--- Excerpted data ---

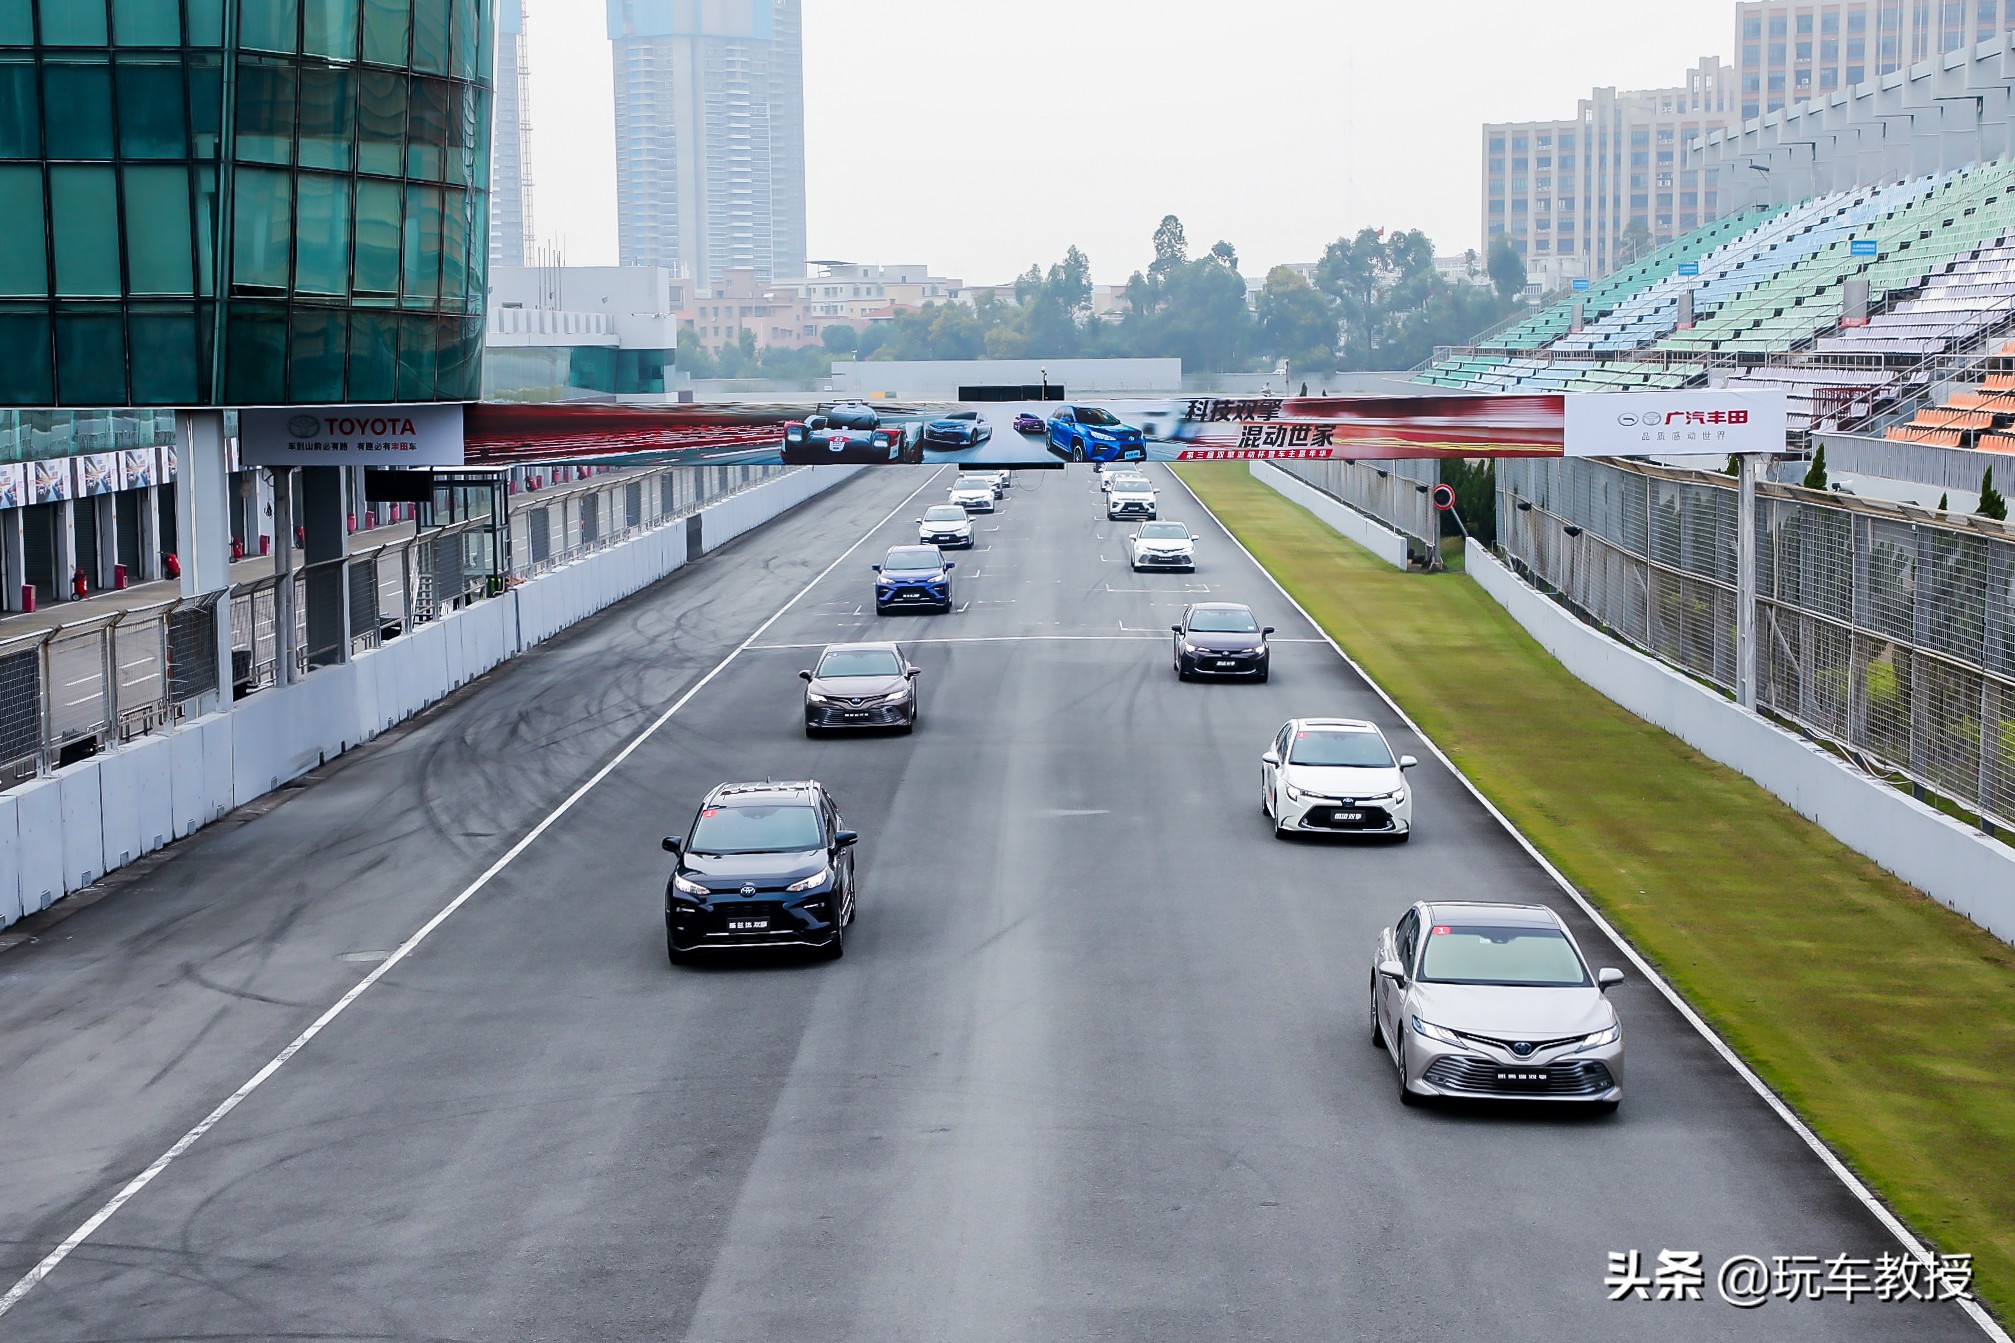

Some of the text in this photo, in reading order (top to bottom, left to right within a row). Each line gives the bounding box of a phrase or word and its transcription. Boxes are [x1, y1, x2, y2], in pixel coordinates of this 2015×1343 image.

[1185, 399, 1283, 422] 科技双擎
[1664, 409, 1749, 425] 广汽丰田
[324, 418, 417, 436] TOYOTA
[1238, 424, 1337, 448] 混动世家
[1641, 431, 1726, 441] 品质感动世界
[288, 442, 417, 451] 车到山前必有路 有路必有丰田车

---

Exercise aim> An exact reprint of every record is required, with the pictures omitted.

Result for this exercise>
Some of the text in this photo, in reading order (top to bottom, left to right within a row). Each line gives the bounding box of a phrase or word and its transcription. Boxes are [x1, y1, x2, y2], in pixel coordinates of this 2015×1343 image.

[1185, 399, 1283, 422] 科技双擎
[1664, 409, 1749, 425] 广汽丰田
[324, 418, 417, 436] TOYOTA
[1238, 424, 1337, 448] 混动世家
[1641, 431, 1726, 441] 品质感动世界
[288, 442, 417, 451] 车到山前必有路 有路必有丰田车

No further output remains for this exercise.